Book contents
8 - Fermions on a lattice
Published online by Cambridge University Press: 02 December 2009
Summary
It turned out to be most difficult in the lattice approach to QCD to deal with fermions. Putting fermions on a lattice is an ambiguous procedure since the cubic symmetry of a lattice is less restrictive than the continuous Lorentz group.
The simplest chiral-invariant formulations of lattice fermions lead to a doubling of fermionic degrees of freedom, as was first noted by Wilson [Wil75], and describe from 16 to four relativistic continuum fermions, depending on the formulation. One-half of them have a positive axial charge and the other half have a negative one, so that the chiral anomaly cancels. There is a no-go theorem which says that the fermionic doubling is always present under natural assumptions concerning a lattice gauge theory.

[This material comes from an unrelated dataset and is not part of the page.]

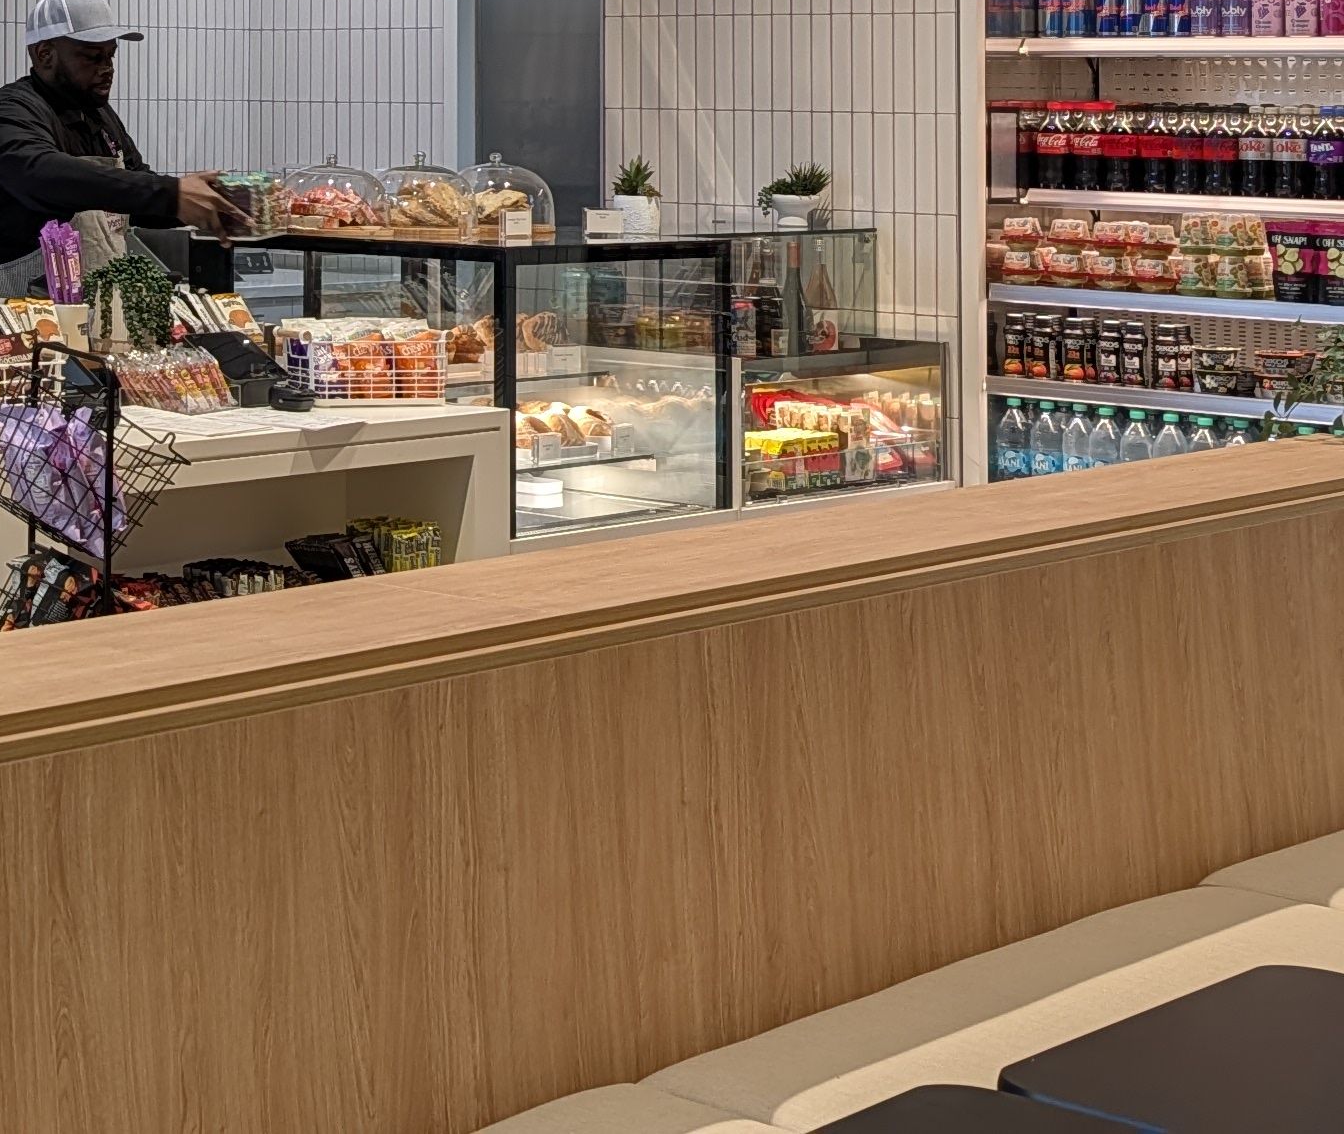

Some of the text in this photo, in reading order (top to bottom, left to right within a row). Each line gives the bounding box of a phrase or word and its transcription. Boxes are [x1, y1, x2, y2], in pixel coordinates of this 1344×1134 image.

A practical way out of this problem is to choose the fermionic lattice action to be explicitly noninvariant under the chiral transformation and to have, by tuning the mass of the lattice fermion, one relativistic fermion in the continuum and the masses of the doublers to be of the order of the inverse lattice spacing. The chiral anomaly is recovered in this way.
In this chapter we consider various formulations of lattice fermions and the doubling problem. We discuss briefly the results on spontaneous breaking of the chiral symmetry in QCD.
Chiral fermions
The quark fields are generically matter fields, the gauge transformation of which in the continuum is given by Eqs. (5.1) and (5.3), and can be put on a lattice according to Eq. (6.7).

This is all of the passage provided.